#### Exercise prompt
Give back every record below, character for character.

[Excerpts from a dataset]
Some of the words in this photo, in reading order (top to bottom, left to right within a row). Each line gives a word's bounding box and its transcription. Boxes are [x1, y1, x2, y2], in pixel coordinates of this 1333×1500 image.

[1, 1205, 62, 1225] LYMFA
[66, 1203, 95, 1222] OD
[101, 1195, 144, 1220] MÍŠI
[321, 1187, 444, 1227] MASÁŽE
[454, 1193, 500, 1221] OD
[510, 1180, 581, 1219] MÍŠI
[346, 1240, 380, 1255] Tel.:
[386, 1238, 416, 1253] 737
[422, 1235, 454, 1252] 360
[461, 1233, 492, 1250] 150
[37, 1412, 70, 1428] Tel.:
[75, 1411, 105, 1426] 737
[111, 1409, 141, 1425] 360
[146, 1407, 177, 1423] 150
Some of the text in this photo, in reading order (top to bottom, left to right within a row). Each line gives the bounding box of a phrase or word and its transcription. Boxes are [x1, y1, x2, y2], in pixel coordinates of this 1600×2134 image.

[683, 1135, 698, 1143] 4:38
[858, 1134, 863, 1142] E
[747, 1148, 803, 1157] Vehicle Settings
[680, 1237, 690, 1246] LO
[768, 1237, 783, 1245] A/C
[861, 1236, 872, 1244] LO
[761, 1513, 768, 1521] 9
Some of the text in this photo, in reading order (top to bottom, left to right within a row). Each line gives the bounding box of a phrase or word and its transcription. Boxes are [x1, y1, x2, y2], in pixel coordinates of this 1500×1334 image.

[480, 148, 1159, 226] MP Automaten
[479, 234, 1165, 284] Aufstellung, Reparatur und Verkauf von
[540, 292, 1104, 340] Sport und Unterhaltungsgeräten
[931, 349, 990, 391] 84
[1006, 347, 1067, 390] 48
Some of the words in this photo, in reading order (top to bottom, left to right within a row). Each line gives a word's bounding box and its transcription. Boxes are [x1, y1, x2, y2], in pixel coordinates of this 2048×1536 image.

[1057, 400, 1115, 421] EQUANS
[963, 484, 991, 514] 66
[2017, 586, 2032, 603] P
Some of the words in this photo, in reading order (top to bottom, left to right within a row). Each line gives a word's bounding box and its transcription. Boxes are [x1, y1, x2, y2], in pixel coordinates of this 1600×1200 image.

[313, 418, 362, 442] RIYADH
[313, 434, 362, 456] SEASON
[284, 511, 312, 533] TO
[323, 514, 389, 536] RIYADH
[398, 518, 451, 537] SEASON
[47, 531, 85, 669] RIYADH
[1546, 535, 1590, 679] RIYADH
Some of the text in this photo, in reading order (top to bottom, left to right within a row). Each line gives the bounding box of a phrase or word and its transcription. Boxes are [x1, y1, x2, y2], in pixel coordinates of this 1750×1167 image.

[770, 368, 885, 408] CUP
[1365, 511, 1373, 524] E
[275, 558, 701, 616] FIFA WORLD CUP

#### Task result
Some of the words in this photo, in reading order (top to bottom, left to right within a row). Each line gives a word's bounding box and its transcription. Boxes are [x1, y1, x2, y2], in pixel coordinates of this 1333×1500 image.

[1, 1205, 62, 1225] LYMFA
[66, 1203, 95, 1222] OD
[101, 1195, 144, 1220] MÍŠI
[321, 1187, 444, 1227] MASÁŽE
[454, 1193, 500, 1221] OD
[510, 1180, 581, 1219] MÍŠI
[346, 1240, 380, 1255] Tel.:
[386, 1238, 416, 1253] 737
[422, 1235, 454, 1252] 360
[461, 1233, 492, 1250] 150
[37, 1412, 70, 1428] Tel.:
[75, 1411, 105, 1426] 737
[111, 1409, 141, 1425] 360
[146, 1407, 177, 1423] 150
Some of the text in this photo, in reading order (top to bottom, left to right within a row). Each line gives the bounding box of a phrase or word and its transcription. Boxes are [x1, y1, x2, y2], in pixel coordinates of this 1600×2134 image.

[683, 1135, 698, 1143] 4:38
[858, 1134, 863, 1142] E
[747, 1148, 803, 1157] Vehicle Settings
[680, 1237, 690, 1246] LO
[768, 1237, 783, 1245] A/C
[861, 1236, 872, 1244] LO
[761, 1513, 768, 1521] 9
Some of the text in this photo, in reading order (top to bottom, left to right within a row). Each line gives the bounding box of a phrase or word and its transcription. Boxes are [x1, y1, x2, y2], in pixel coordinates of this 1500×1334 image.

[480, 148, 1159, 226] MP Automaten
[479, 234, 1165, 284] Aufstellung, Reparatur und Verkauf von
[540, 292, 1104, 340] Sport und Unterhaltungsgeräten
[931, 349, 990, 391] 84
[1006, 347, 1067, 390] 48
Some of the words in this photo, in reading order (top to bottom, left to right within a row). Each line gives a word's bounding box and its transcription. Boxes are [x1, y1, x2, y2], in pixel coordinates of this 2048×1536 image.

[1057, 400, 1115, 421] EQUANS
[963, 484, 991, 514] 66
[2017, 586, 2032, 603] P
Some of the words in this photo, in reading order (top to bottom, left to right within a row). Each line gives a word's bounding box and its transcription. Boxes are [x1, y1, x2, y2], in pixel coordinates of this 1600×1200 image.

[313, 418, 362, 442] RIYADH
[313, 434, 362, 456] SEASON
[284, 511, 312, 533] TO
[323, 514, 389, 536] RIYADH
[398, 518, 451, 537] SEASON
[47, 531, 85, 669] RIYADH
[1546, 535, 1590, 679] RIYADH
Some of the text in this photo, in reading order (top to bottom, left to right within a row). Each line gives the bounding box of a phrase or word and its transcription. Boxes are [x1, y1, x2, y2], in pixel coordinates of this 1750×1167 image.

[770, 368, 885, 408] CUP
[1365, 511, 1373, 524] E
[275, 558, 701, 616] FIFA WORLD CUP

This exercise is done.